While individuals are being fined for breaking lockdown rules, not one single employer has been prosecuted.

12 Feb 2021| News

New figures from the TUC have revealed that 19% – around one in five – workers is attending their workplace despite being able to do their job from home.

The largest driving factor behind this trend, which unnecessarily raises the risk of catching and spreading Coronavirus, was bosses exerting pressure on their staff to physically attend work. Two in five (40%) of respondents to a YouGov poll commissioned by the TUC cited this as the main reason they do not work from home.

Although the government has repeatedly said that everybody who can work from home ought to be doing so, hundreds of people have complained to their unions that their boss was forcing them to break this rule.

But enforcement has been at best inadequate, and too often non-existent. While headline after headline describes individuals being slapped with hefty fines for breaching lockdown parameters, no employer has been penalised for the same wrongdoing.

“No one should be forced into the office or another workplace if they can do their job from home. Bad bosses are needlessly putting workers at risk and increasing transmission in local communities,” General Secretary of the TUC, Frances O’Grady, told the Guardian.

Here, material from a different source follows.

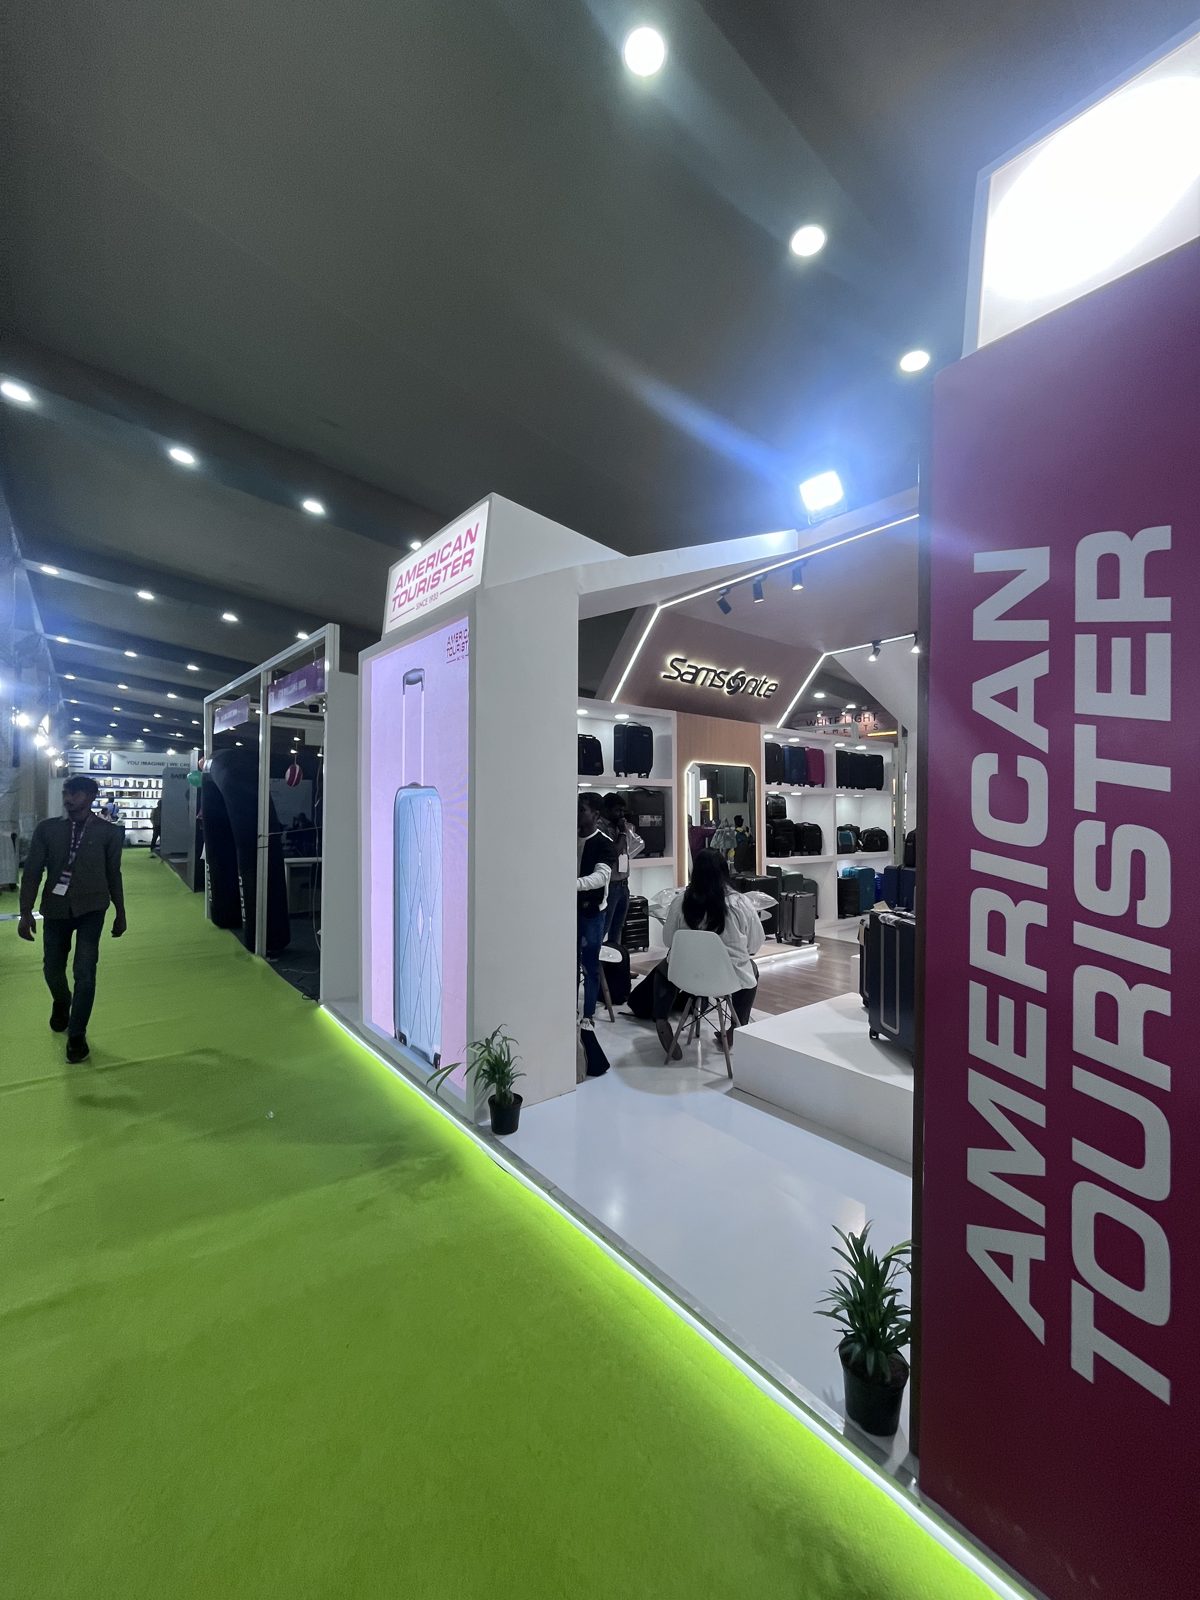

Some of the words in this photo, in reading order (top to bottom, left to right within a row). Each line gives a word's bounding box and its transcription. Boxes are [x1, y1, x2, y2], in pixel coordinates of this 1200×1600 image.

“It’s time to end the foot-dragging approach to enforcement that has characterised workplace safety in this pandemic,” she said.

Outgoing employer adviser to the government, Matthew Taylor, said Johnson’s administration are doing “half a job” when it came to regulating workplaces during the crisis.

The Department for Business, Energy and Industrial Strategy (BEIS) refused to release any figures or reports it had drafted on the issue.